Commentary: Hall of Fame should call Barry’s bluff
Put ball with asterisk in shrine and see if Giants' slugger really won't walk through hallowed doors
Barry Bonds just made you folks at the National Baseball Hall of Fame an offer you can’t refuse.
He claims he won’t report to Cooperstown, not if his record-breaking 756th home run ball is enshrined with an asterisk before he, himself, is inducted.
What a deal! Take it now, Mr. And Mrs. Hall of Fame. Enter the Asterisked Ball. Exit the Bombastic Bonds. Call his bluff.
You’re bigger than Bonds. You’re bigger than any player. You represent baseball, its jewels and its blemishes. You must tell the stories that define its history. Bonds knows the Hall is still sacred ground, even if the home-run record is not. That’s why he left open the door to, well, eventually walk through its hallowed doors.
“At this time, I will not be there. That’s my emotions now. That’s how I feel now,” Bonds said Thursday. “When I decide to retire, five years from now, we’ll see where they are at that moment, we’ll see where they are at that time, and maybe I’ll reconsider.”
Let him consider opening up “Bonds of Fame.” He’s been hogging his memorabilia anyhow, in case anyone forgot how he snubbed the Hall and hoarded his artifacts from last season’s record-breaking chase.
Of course, one of those mementos got away, landing in AT&T Park’s bleachers on Aug. 7. A New York fashion designer bought home-run ball No. 756 and let the public determine its fate with an Internet vote.
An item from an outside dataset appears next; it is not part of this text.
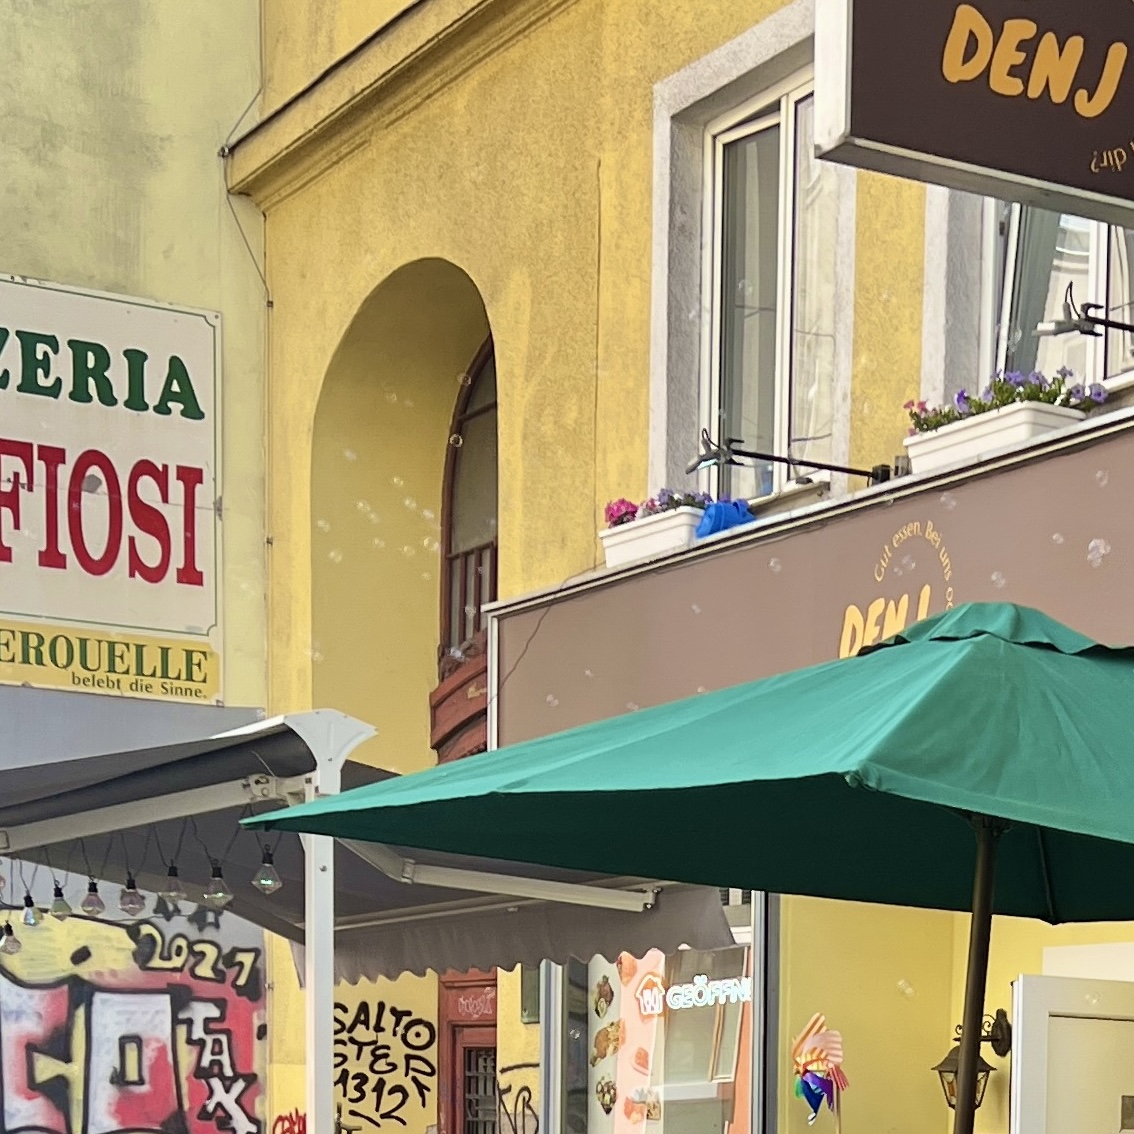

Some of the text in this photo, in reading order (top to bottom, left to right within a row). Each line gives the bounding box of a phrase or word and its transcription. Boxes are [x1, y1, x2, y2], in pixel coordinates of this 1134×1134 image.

The consensus: Brand it with an asterisk and send it to Cooperstown.
Bonds said: “You cannot give people the freedom, the right to alter history. You can’t do it.”
Um, didn’t we just see him alter the most cherished record in baseball history when most people thought he had no right to because of his alleged use of performance-enhancing drugs?
“That’s not true. That’s not fair. … I have nothing to hide,” he said.
Ah, but he’ll hide out if the Hall of Fame dares display Exhibit A of baseball’s home-run fueled Steroid Era. That piece, indeed, represents his claim to “fame,” the ball with which he eclipsed the home-run record under a cloud of suspicion.
Bonds says you’ll “never” see him in the Hall of Fame if that asterisked ball beats him there. He says he won’t go. Cooperstown can call, but he won’t show. Then he chuckles, as if he’s above the little museum, like he’s got somewhere better to be (perhaps Anaheim, Texas, Seattle or even New York’s other home of expensive artifacts, the Yankees).
He knows the Hall will leave him a key under the mat if baseball writers grant him entry. However, there still is a federal grand jury convened.
Indicted or inducted, which do you prefer, Mr. Bonds?
He says he has a lot of games remaining. This Hall of Fame mumbo jumbo must be one of them, acting as if he’s purifying baseball from vandals.
Former New York Giants linebacker Harry Carson once wrote a letter to the Pro Football Hall of Fame demanding his name be withdrawn from consideration, so insulted was he after initially be snubbed by electors. Last year, Carson was enshrined-and get this, Barry-he showed up for the ceremony.